If you've already built the container and connected to it, run Remote-Containers: Rebuild Container from the Command Palette (F1) to pick up the change. Otherwise run Remote-Containers: Open Folder in Container... to connect to the container.

Two notes on this approach:

  1. If you delete the node_modules folder in the container, it may lose the connection to the volume. Delete the contents of the node_modules folder instead when needed (rm -rf node_modules/* node_modules/.*).

  2. You'll find that an empty node_modules folder gets created locally with this method. This is because the volume mount point in the container is inside the local filesystem bind mount. This is expected and harmless.

Docker Compose:

While vscode-remote-try-node does not use Docker Compose, the steps are similar, but the volume mount configuration is placed in a different file.

  1. In your Docker Compose file (or an extended one), add a named local volume mount to the node_modules sub-folder for the appropriate service(s). For example:

    version: '3'
    services:
      your-service-name-here:
        volumes:
          # Or wherever you've mounted your source code
          - .:/workspace:cached
          - try-node-node_modules:/workspace/node_modules
        # ...
    
    volumes:
      try-node-node_modules:
  2. Next, be sure the workspaceFolder property in devcontainer.json matches the place your actual source code is mounted:

    "workspaceFolder": "/workspace"
  3. If you're running in the container with a user other than root, add a postCreateCommand to update the owner of the folder you mount since it may have been mounted as root. Replace user-name-goes-here with the appropriate user.

    "remoteUser": "node",
    "workspaceFolder": "/workspace",
    "postCreateCommand": "sudo chown user-name-goes-here node_modules"

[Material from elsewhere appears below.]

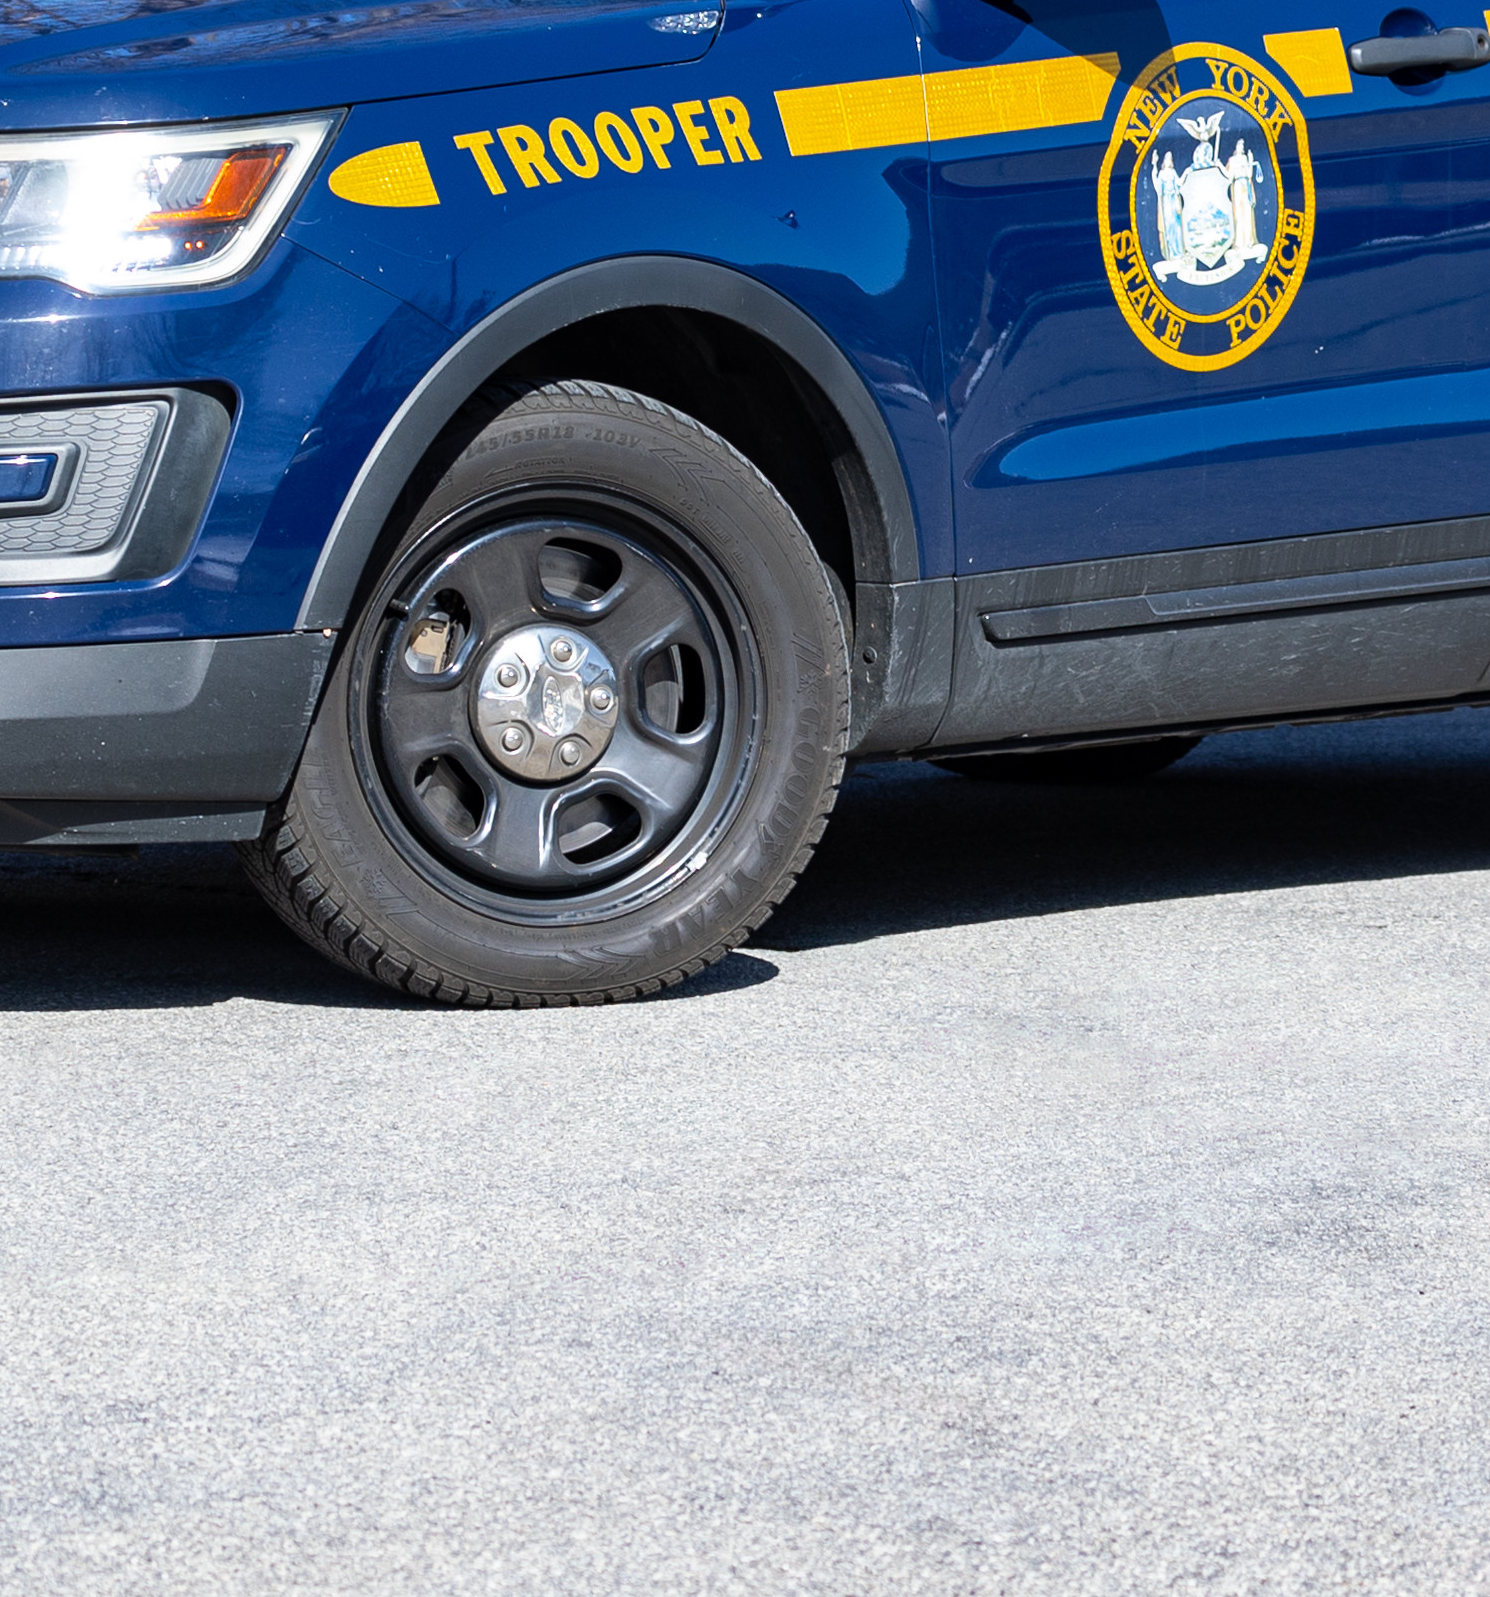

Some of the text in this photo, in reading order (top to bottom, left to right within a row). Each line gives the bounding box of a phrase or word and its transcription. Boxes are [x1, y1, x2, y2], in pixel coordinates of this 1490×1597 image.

If you've already built the container and connected to it, run Remote-Containers: Rebuild Container from the Command Palette (F1) to pick up the change. Otherwise run Remote-Containers: Open Folder in Container... to connect to the container.

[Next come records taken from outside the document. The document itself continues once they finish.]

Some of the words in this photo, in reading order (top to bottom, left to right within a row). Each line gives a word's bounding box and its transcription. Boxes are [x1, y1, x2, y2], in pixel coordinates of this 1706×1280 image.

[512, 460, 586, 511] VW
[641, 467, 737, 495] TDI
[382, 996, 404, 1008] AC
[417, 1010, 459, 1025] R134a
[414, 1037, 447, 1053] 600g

Use a named volume for your entire source tree

Finally, if none of the above options meet your needs, you can go one step further and clone your entire source tree inside of a named volume rather than locally. You can set up a named volume by taking an existing devcontainer.json configuration and modifying it as follows (updating your-volume-name-here with whatever you want to call the volume).

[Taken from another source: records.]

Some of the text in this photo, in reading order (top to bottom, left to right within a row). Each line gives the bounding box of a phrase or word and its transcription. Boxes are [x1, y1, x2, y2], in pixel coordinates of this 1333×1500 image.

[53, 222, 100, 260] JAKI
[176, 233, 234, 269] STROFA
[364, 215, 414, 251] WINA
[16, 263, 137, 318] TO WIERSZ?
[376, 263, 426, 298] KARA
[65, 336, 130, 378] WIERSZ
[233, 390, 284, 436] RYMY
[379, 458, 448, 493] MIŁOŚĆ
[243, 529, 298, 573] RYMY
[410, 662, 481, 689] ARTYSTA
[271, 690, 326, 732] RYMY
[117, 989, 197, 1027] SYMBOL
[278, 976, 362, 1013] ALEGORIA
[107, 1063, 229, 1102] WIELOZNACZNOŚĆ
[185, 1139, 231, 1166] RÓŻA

Depending on what you reference in devcontainer.json:

  • Dockerfile or image: Use the following properties in devcontainer.json to mount a local named volume into the container:

    "workspaceMount": "source=your-volume-name-here,target=/workspace,type=volume"
    "workspaceFolder": "/workspace",
  • Docker Compose: Update (or extend) your docker-compose.yml with the following for the appropriate service(s):

    version: '3'
    services:
      your-service-name-here:
        volumes:
            - your-volume-name-here:/workspace
        # ...
    
    volumes:
      your-volume-name-here:

    You'll also want to be sure the workspaceFolder property in devcontainer.json matches the place the volume is mounted (or a sub-folder inside the volume):

    "workspaceFolder": "/workspace"

If you've already built the container and connected to it, run Remote-Containers: Rebuild Container from the Command Palette (F1) to pick up the change. Otherwise run Remote-Containers: Open Folder in Container... to connect to the container.

Next, either use the Git: Clone command from the Command Palette or start an integrated terminal (⌃⇧` (Windows, Linux Ctrl+Shift+`)) and use the git clone command to clone your source code into the /workspace folder.

Finally, use the File > Open... / Open Folder... command to open the cloned repository in the container.